Приблизившись, всадники увидели прямого крепкого старика, с суровым лицом и длинными белыми волосами. Морщины говорили о его почтенном возрасте, но блеск глаз показывал, что он еще полон сил. Внук поклонился ему.
— Отец, — произнес он почтительно, — эти путники заблудились и просят приюта на ночь.
— Ты им сказал, Пьер, что это крестьянское жилище?
— Да, отец.
— Тогда входите и располагайтесь у огня, господа. Сейчас будет подан ужин. Пьер, позаботься о лошадях.
Он посторонился, пропуская гостей. Оба дворянина, на которых произвело сильное впечатление необыкновенное благородство, исходящее от этого человека, поклонились ему. Понго, безмолвный как всегда, повел коней на конюшню. Комната, куда они вошли, была с низким потолком из тяжелых бревен, с печью в глубине во всю ее ширину.
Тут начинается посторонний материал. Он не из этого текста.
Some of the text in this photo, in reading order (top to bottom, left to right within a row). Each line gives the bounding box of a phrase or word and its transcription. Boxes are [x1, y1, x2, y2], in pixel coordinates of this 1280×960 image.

Две женщины в черном, одна пожилая, а другая — совсем еще ребенок, готовили пищу перед очагом.
— Это моя невестка Анна и внучка Мадалена, — представил их старый Жоэль. — Располагайтесь, ужин готов.
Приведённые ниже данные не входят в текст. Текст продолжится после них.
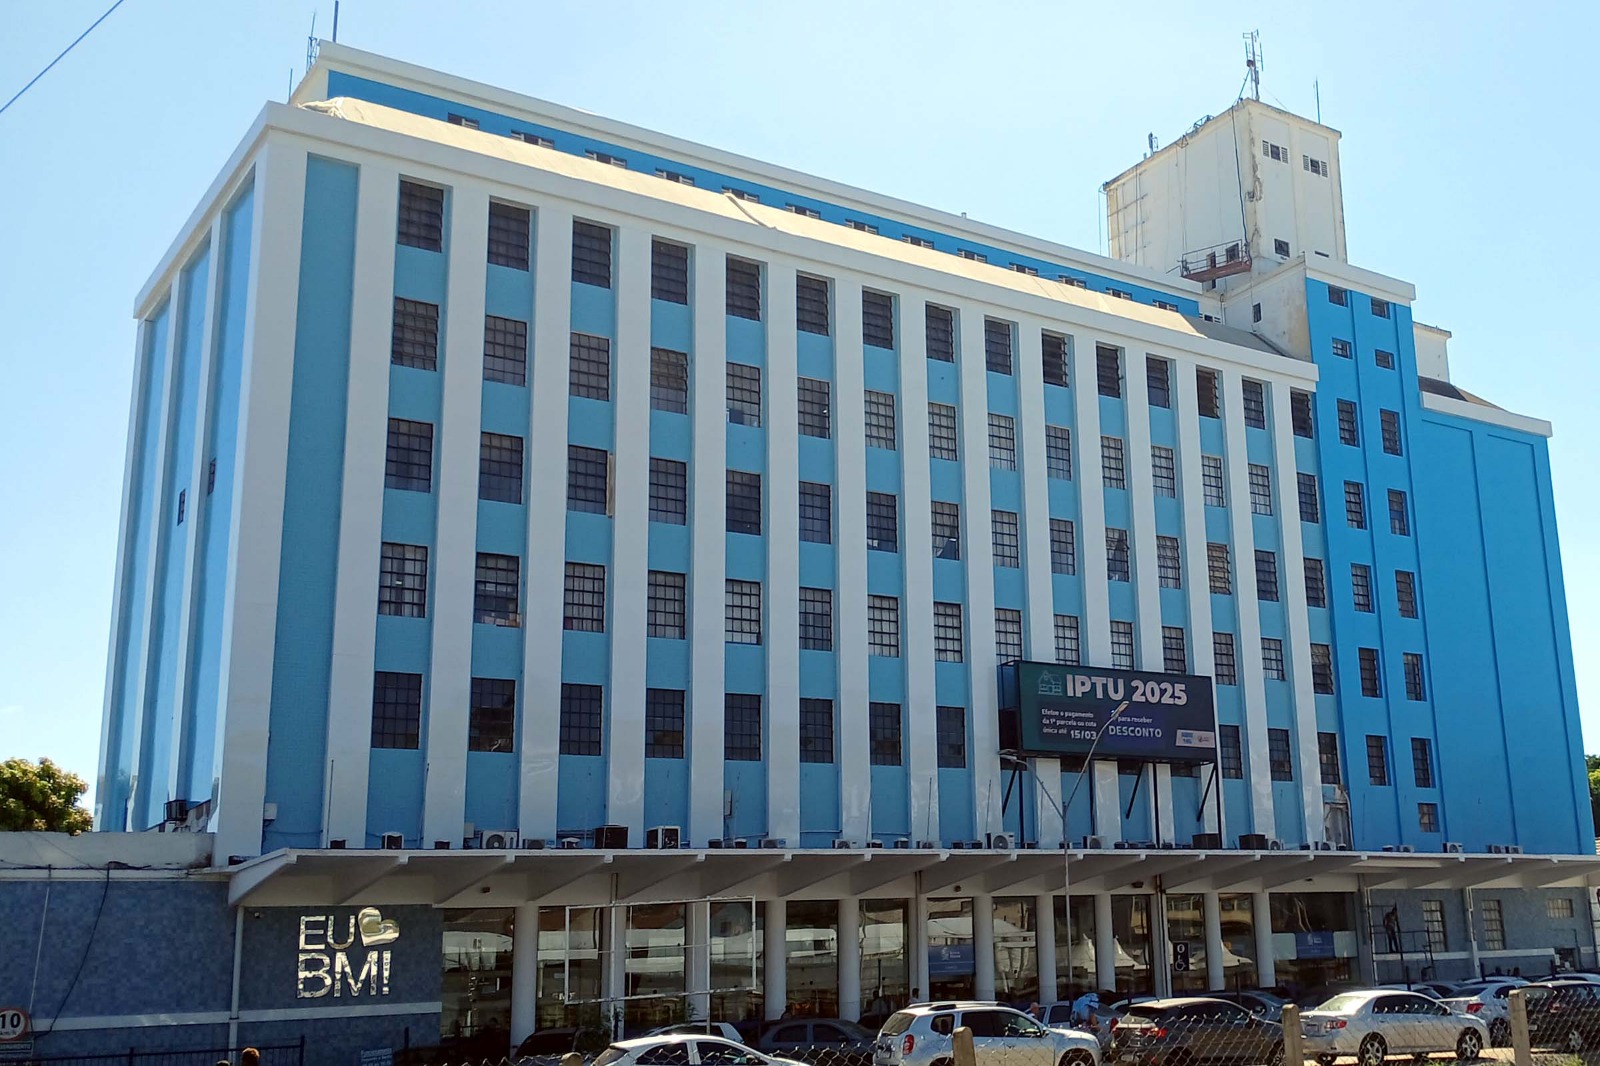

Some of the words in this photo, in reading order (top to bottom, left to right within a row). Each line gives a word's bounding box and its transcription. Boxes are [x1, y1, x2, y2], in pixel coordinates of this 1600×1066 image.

[1066, 674, 1125, 701] IPTU
[1131, 680, 1188, 706] 2025
[1065, 711, 1094, 719] pagamento
[1070, 729, 1097, 740] 15/03
[1108, 725, 1162, 738] DESCONTO
[299, 915, 356, 950] EU
[297, 950, 391, 998] BM!
[0, 1013, 21, 1029] 10
Гости сели за длинный стол из каштанового дерева, и после произнесенной стариком молитвы женщины подали еду. Все молчали. Старый Жоэль и его внук ели серьезно, как люди, для которых каждый кусок священен, ибо добыт тяжелым, повседневным трудом. Женщины же никогда бы не осмелились открыть рот без разрешения старика, а кроме того, свирепый вид Понго, на которого они украдкой бросали взгляды, явно их страшил. Жан де Баз против своего обыкновения тоже не произнес ни слова. Жиль же не мог насмотреться на это скромное жилище, и нежность переполняла его душу. Он не замечал, что старый Жоэль внимательно наблюдал за ним из-за своих кустистых белых бровей. С той минуты, когда молодой человек оказался в свете очага, взгляд Жоэля ни на мгновение не покидал его.
Обед состоял из капусты, сала, топленого молока и хлеба с маслом. За время его никто не произнес ни слова. Только старик что-то прошептал на ухо своей невестке, на что она с испуганным взглядом тут же исчезла вместе со своей дочерью. И конечно, после еды последовала молитва.
Жиль первым нарушил молчание, когда все встали из-за стола. Он поблагодарил хозяина за пищу и приют.
— Вы приняли нас за своим столом как друзей, а вы ведь ничего о нас не знаете, не знаете даже наших имен.
В первый раз за все это время легкая улыбка скользнула по суровым губам старика.
— Гость, посланный Всевышним, всегда друг в этом доме. А что до вашего имени… — промолвил он внезапно изменившимся голосом.
Он не договорил, взял в углу просмоленный факел и зажег его от пламени в очаге. Тут на пороге показались женщины. Старик бросил на них быстрый взгляд.
— Все сделано?
— Да, отец. Все исполнено.
— Хорошо.
Крепко держа пылающий факел своей сильной узловатой рукой, он повернулся к гостям.
— Следуйте за мной, господа. Я отведу вас в вашу комнату. Вам там будет не очень удобно, но вы будете у себя.
Не объясняя больше ничего, он вышел из дома, величественно подняв факел, пересек двор и направился прямо к господскому дому, в окнах которого теперь плясал красноватый отблеск огня.
Полусгнившая дверь со стоном отворилась, открылся зал с тяжелыми сводами, с толстыми столбами и огромным камином, украшенным гербом, при виде которого сердце Жиля забилось сильнее.